--- TRY IT ---
Everything in the data except the pictures belongs in your answer, copied exactly.

Segment Open

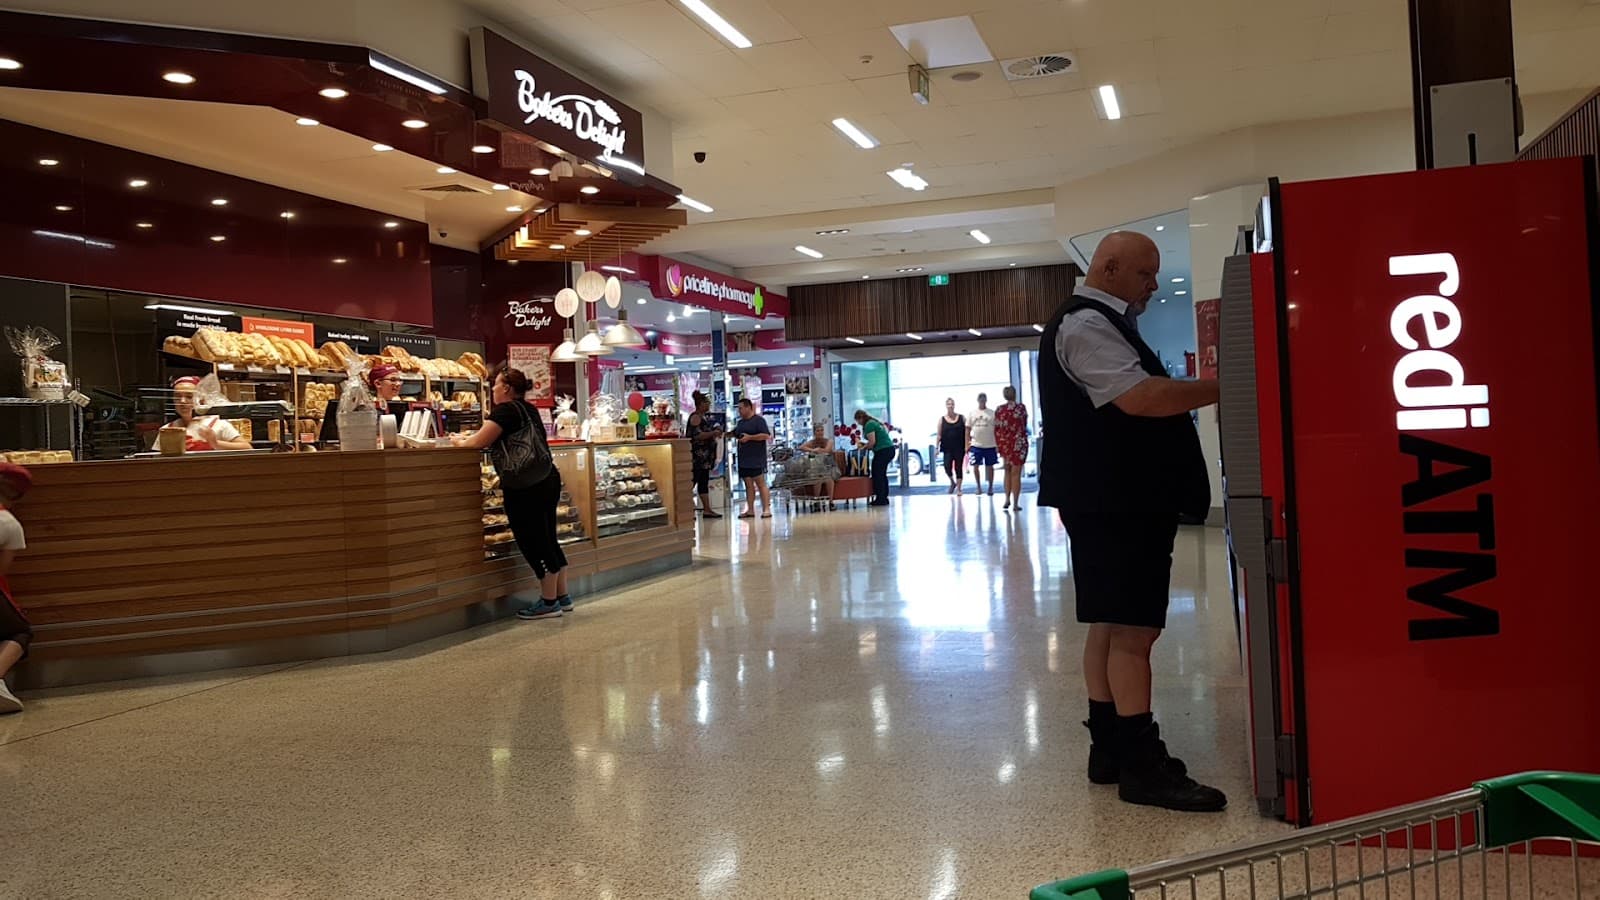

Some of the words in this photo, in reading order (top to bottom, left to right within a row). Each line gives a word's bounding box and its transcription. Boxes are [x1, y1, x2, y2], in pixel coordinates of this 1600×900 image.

[514, 70, 573, 130] Bakers
[576, 101, 626, 160] Delight
[684, 274, 718, 297] priceline
[719, 281, 755, 309] pharmacy
[508, 301, 543, 315] Bakers
[515, 314, 551, 330] Delight
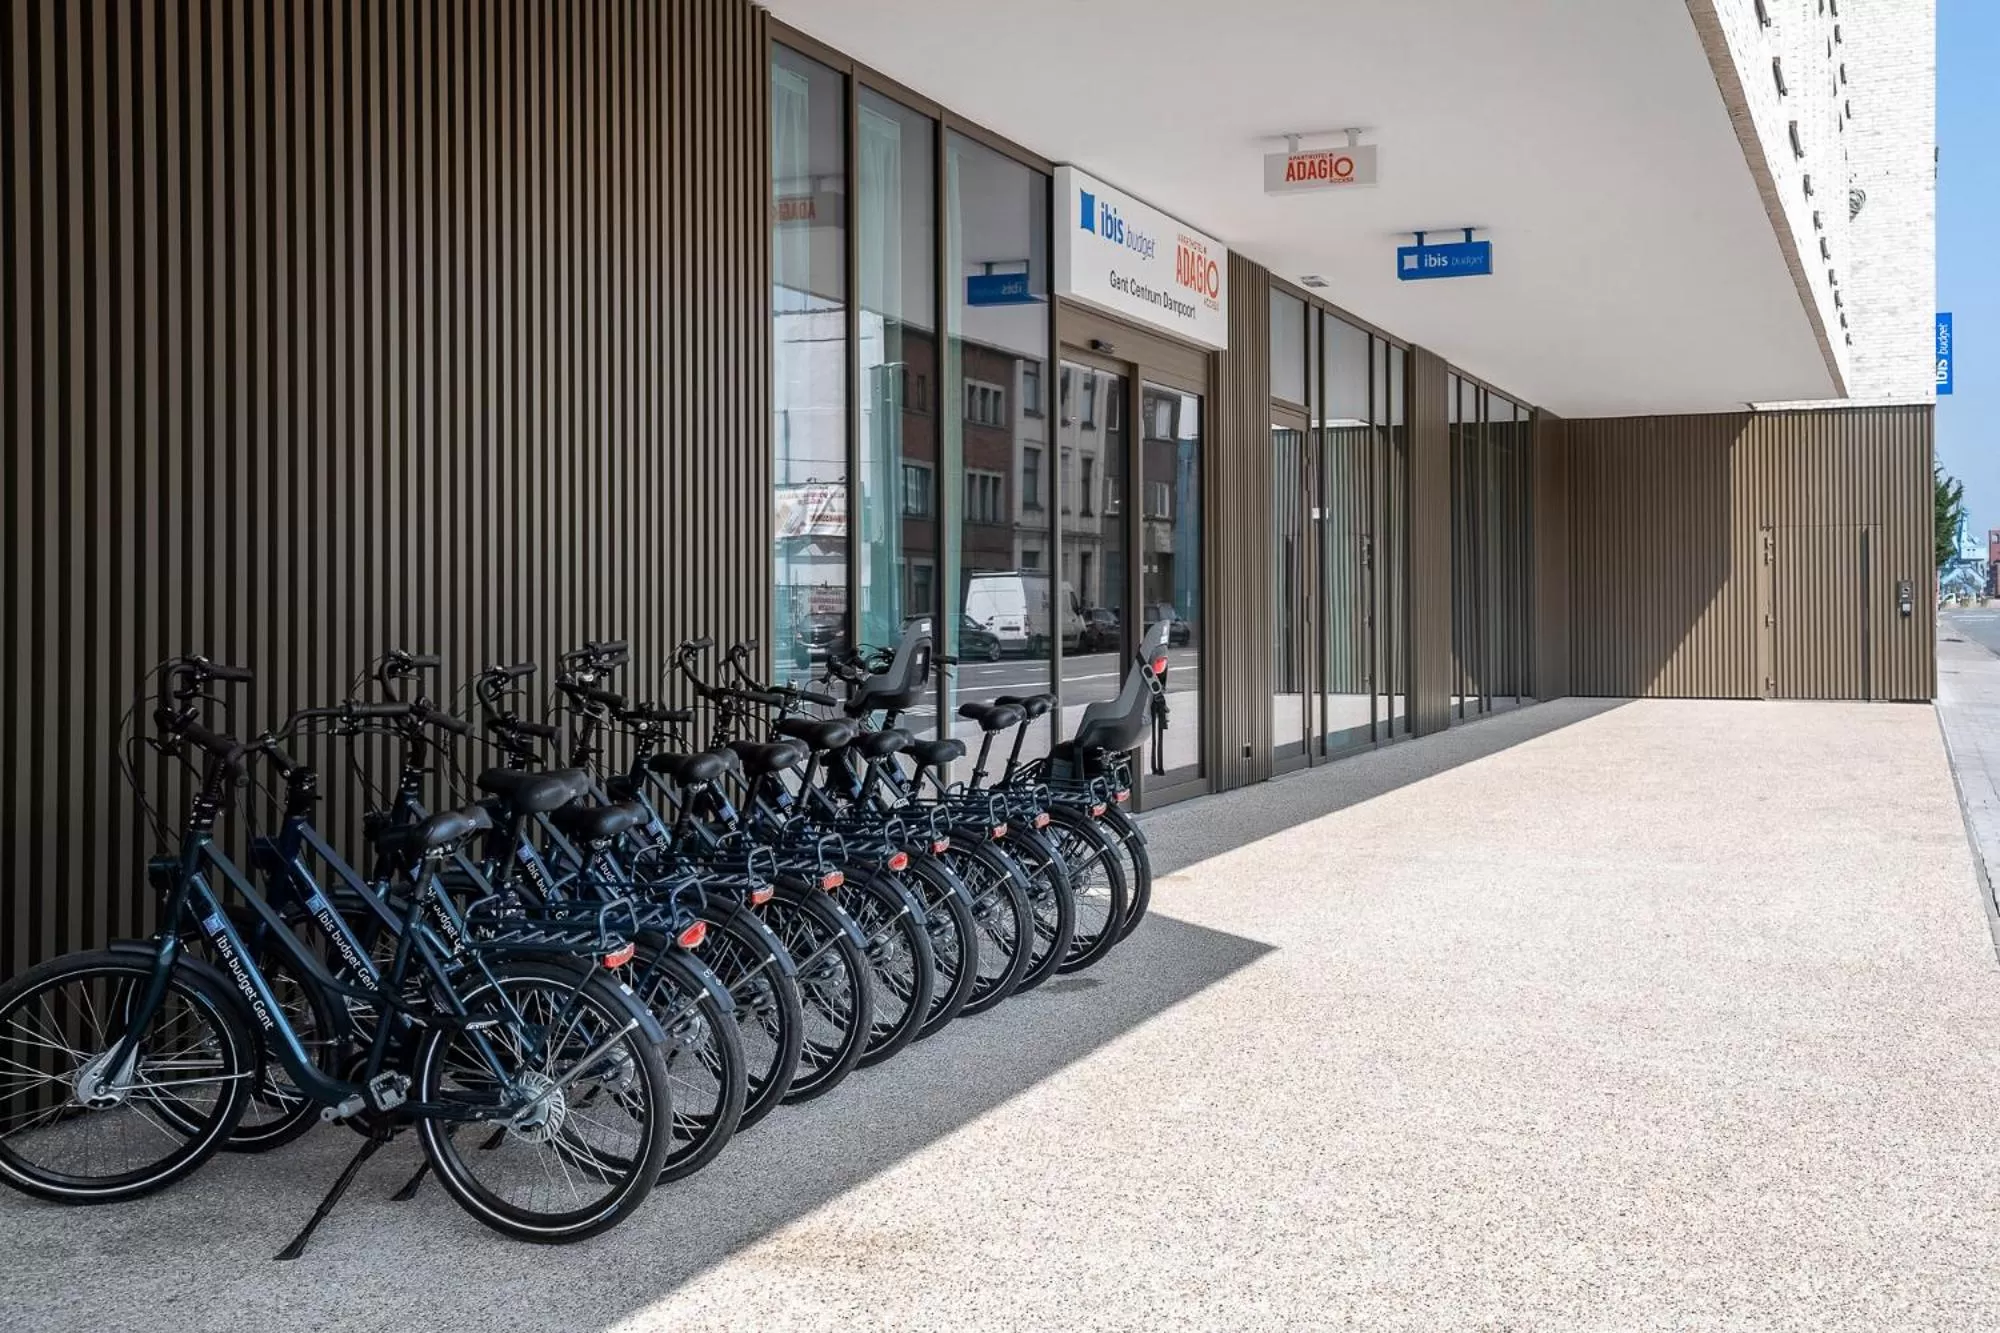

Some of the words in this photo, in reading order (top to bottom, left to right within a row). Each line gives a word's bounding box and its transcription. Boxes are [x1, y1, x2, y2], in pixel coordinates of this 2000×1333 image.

Segment Closed

--- OUTPUT OF THE TASK ---
Some of the words in this photo, in reading order (top to bottom, left to right within a row). Each line gives a word's bounding box and its transcription. Boxes are [x1, y1, x2, y2], in pixel coordinates of this 1600×900 image.

[514, 70, 573, 130] Bakers
[576, 101, 626, 160] Delight
[684, 274, 718, 297] priceline
[719, 281, 755, 309] pharmacy
[508, 301, 543, 315] Bakers
[515, 314, 551, 330] Delight

Some of the words in this photo, in reading order (top to bottom, left to right within a row). Each line gives a word's bounding box and its transcription. Boxes are [x1, y1, x2, y2], in pixel coordinates of this 2000×1333 image.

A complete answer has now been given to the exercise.